Morning Star editor BEN CHACKO says the left needs to set its sights on majority support, however far off it might look

LABOUR’S local election debacle shows that the Tory advance in England has not been reversed by the pandemic. It has accelerated.

The appalling Hartlepool result – in four years the constituency has gone from voting 52 per cent Labour to 51 per cent Conservative – was accompanied by hundreds of council seat losses and, in key mayoral contests, the re-election of incumbent Tories with increased margins (Andy Street in the West Midlands ended up with an eight-point lead over Labour, that had been 0.8 points in 2017; in Tees Valley, Ben Houchen turned a knife-edge 51-49 per cent win over Labour then into a 73-27 landslide). 

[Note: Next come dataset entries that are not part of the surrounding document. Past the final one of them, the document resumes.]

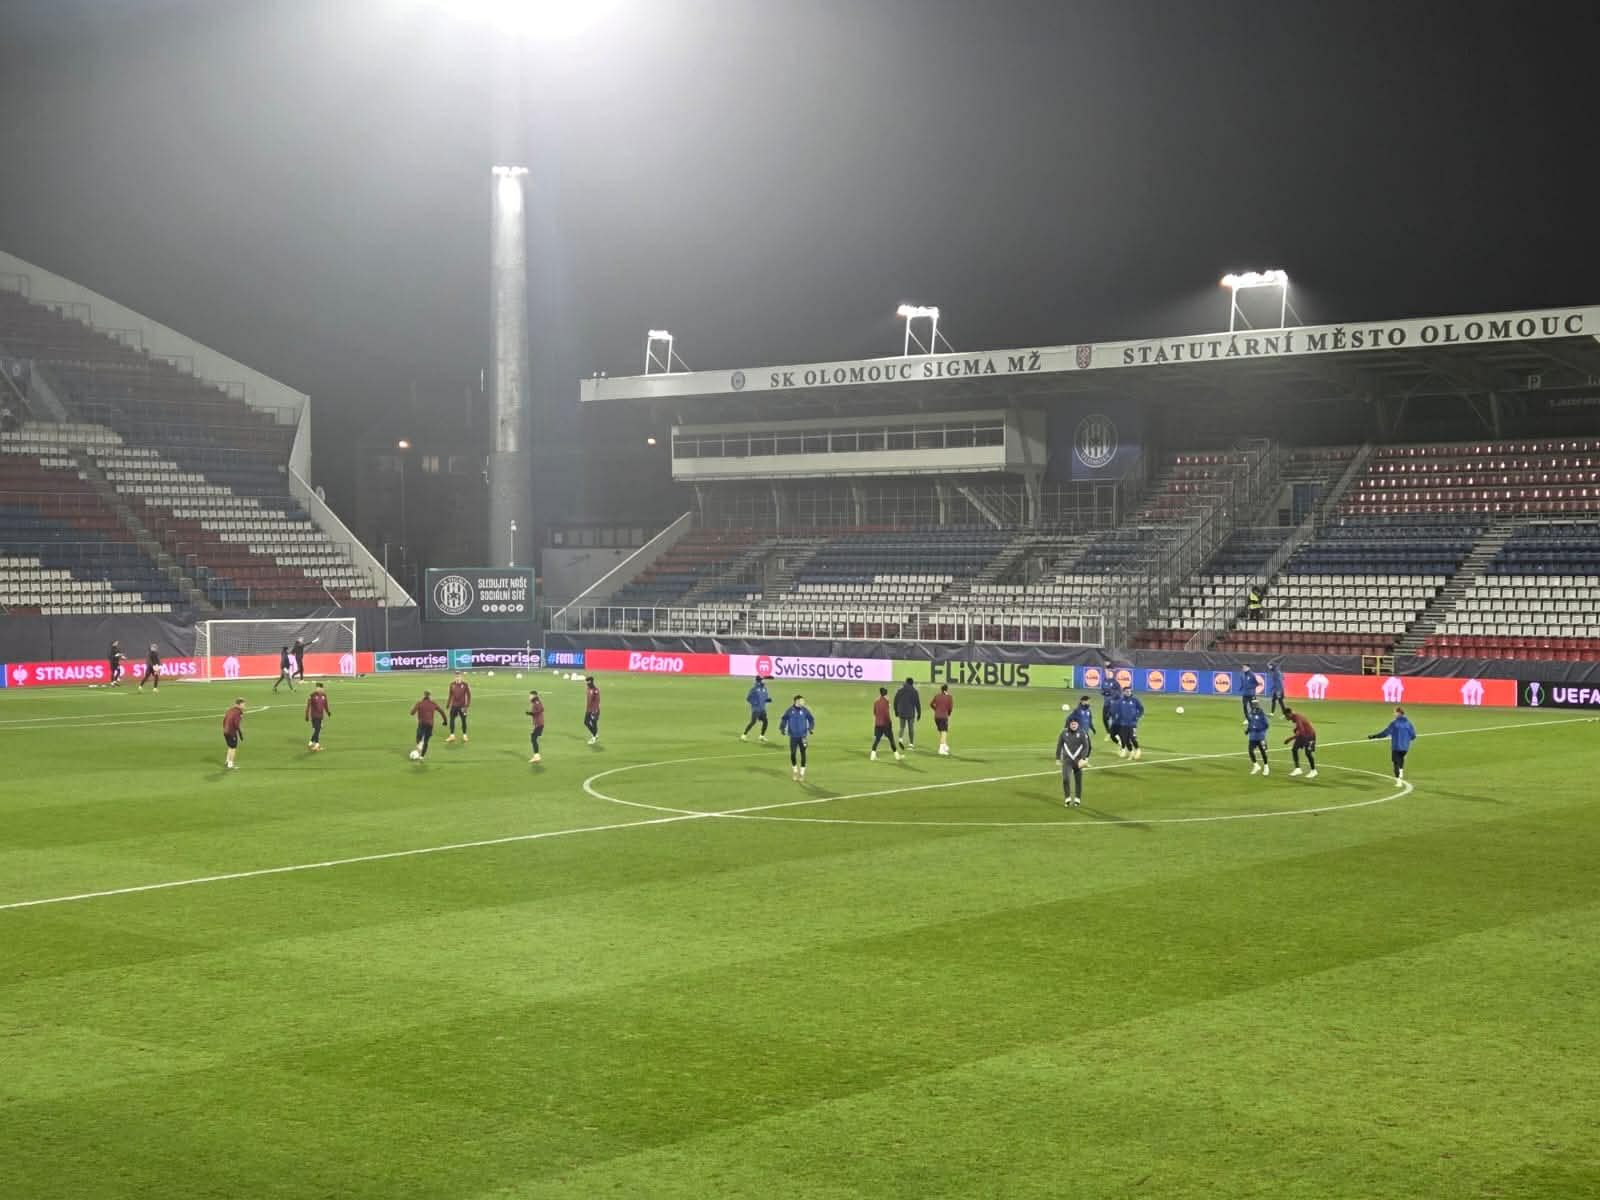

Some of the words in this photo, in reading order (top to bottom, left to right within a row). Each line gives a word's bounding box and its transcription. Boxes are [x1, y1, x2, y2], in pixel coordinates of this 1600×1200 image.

[1123, 331, 1293, 365] STATUTÁRNÍ
[1306, 327, 1407, 351] MĚSTO
[1420, 314, 1584, 344] OLOMOUC
[770, 372, 796, 388] SK
[803, 363, 913, 386] OLOMOUC
[922, 358, 997, 378] SIGMA
[1007, 350, 1041, 373] MŽ
[478, 578, 509, 589] SLEDUJTE
[510, 575, 528, 589] NAŠE
[480, 588, 511, 601] SOCIÁLNÍ
[379, 653, 447, 668] enterprise
[459, 651, 540, 665] enterprise
[629, 652, 684, 672] Betano
[35, 664, 104, 681] STRAUSS
[133, 661, 197, 677] STAUSS
[775, 658, 863, 679] Swissquote
[1553, 687, 1600, 704] UEFA
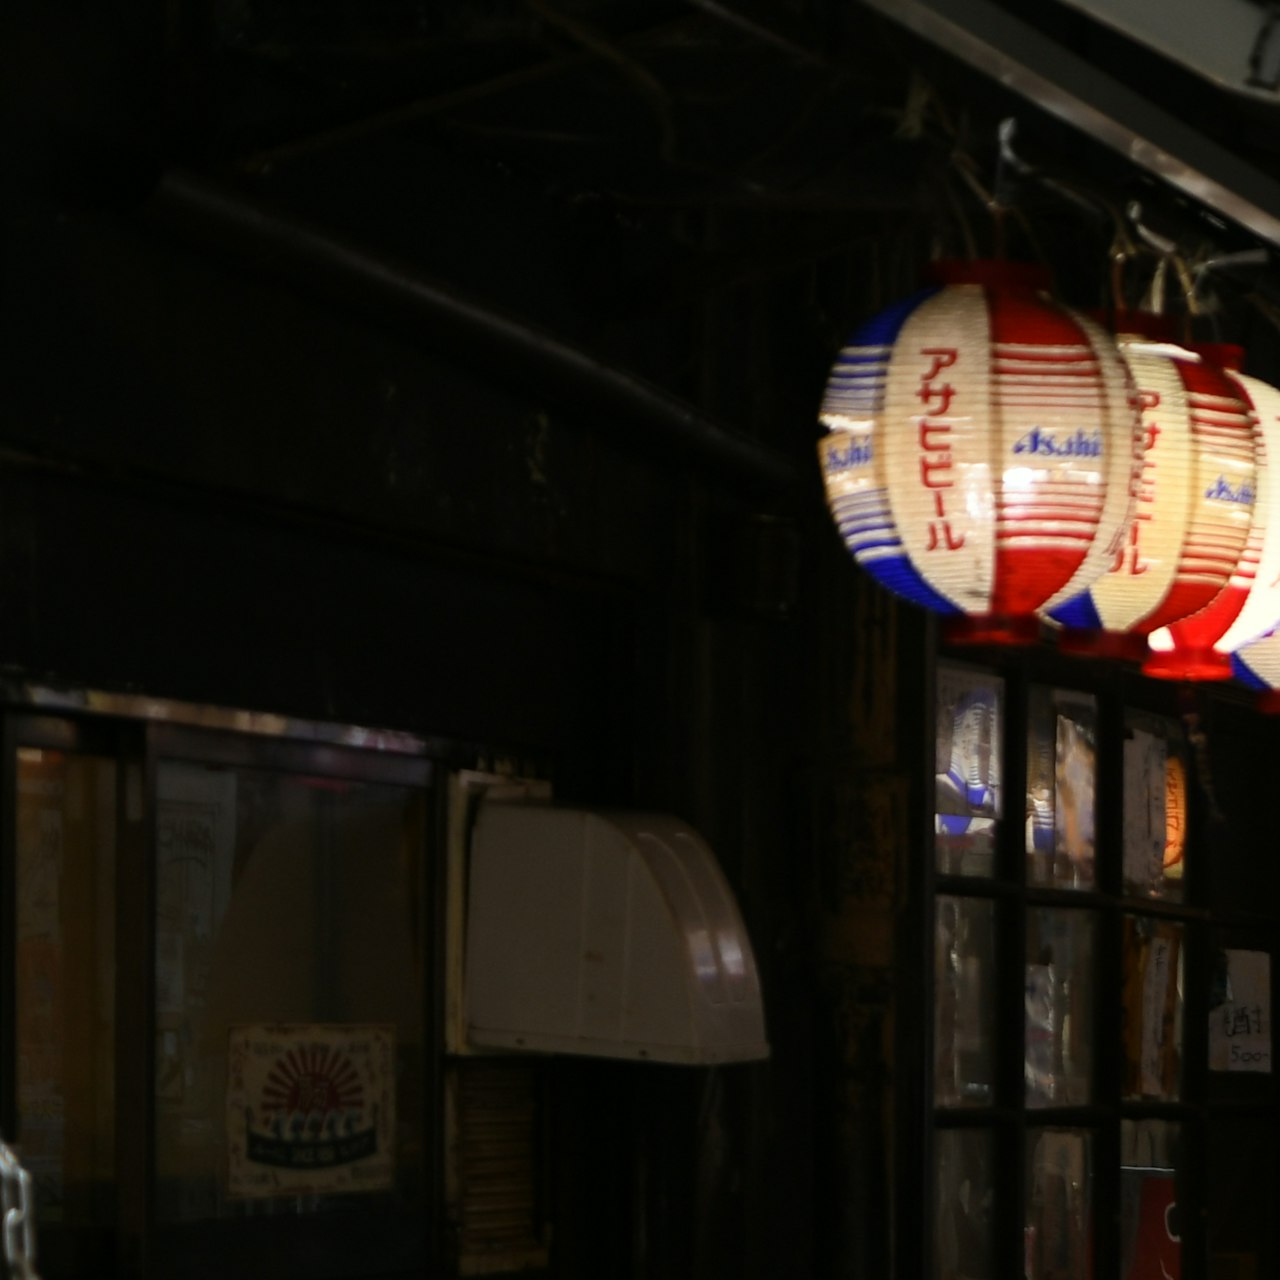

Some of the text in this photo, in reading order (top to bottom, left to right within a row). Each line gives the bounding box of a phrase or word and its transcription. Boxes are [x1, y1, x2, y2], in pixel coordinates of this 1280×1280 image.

[825, 436, 872, 471] sahi
[916, 348, 965, 551] アサヒビール
[1012, 425, 1102, 457] Asahi

This was not the pattern everywhere, but it was the general pattern. Tory inroads into Leave-voting Labour areas seen in 2019 are redrawing the political map.

The Labour leadership’s reaction so far is to double down on a failed strategy. The “root-and-branch policy review” is openly discussed as an opportunity for the right to jettison the range of left policies that Labour was committed to when Keir Starmer became leader in March last year, most of which the party has already shelved in practice (the Green New Deal, extension of public ownership over transport and utilities, bans on zero-hours contracts, higher wages). 

No matter that when Jeremy Corbyn was leader even the Tories had to announce the end of austerity to compete with the popularity of these policies; nor that none of the post-mortems of the 2019 election suggest that Labour’s policies were behind its defeat; nor even that recent polling commissioned by the Communication Workers Union in Hartlepool itself showed that these policies remain popular. 

Starmer’s supporters are already blaming the left for his electoral humiliation and the policy changes and shadow cabinet reshuffles being trailed all involve further lurches right.

The Labour left has a strong riposte to this, eloquently put by MPs including Richard Burgon and Diane Abbott over the weekend. It is Starmer’s total failure to oppose the Conservatives that enables the ruling party to get away with its catastrophic handling of the coronavirus crisis; it is his relentless war on Labour branches and members that bled the party of tens of thousands of committed activists it needed to fight an election campaign, while simultaneously presenting the public with a picture of a divided party obsessed with fighting itself.

The left are right that the attempt to blame “long Corbyn” for defeat is nonsense: it cannot explain why Starmer is doing worse than Corbyn did in 2019, and of course relies on the conspiracy of silence that politicians and media apply to the 2017 election. More problematic is the charge that both 2021 and 2019 are symptoms of a much longer-lasting decline, one that has seen Labour support fall consistently in the Midlands, northern England and (faster than either) in Scotland for decades. 

Bright spots in last week’s results (victories in Manchester and London, say) don’t provide much hope at national level: Labour can never win a general election as the party of major urban centres alone. But this increases the importance for the left of revisiting the election that our rulers are determined to erase from history: 2017, the year that Labour bucked the trend.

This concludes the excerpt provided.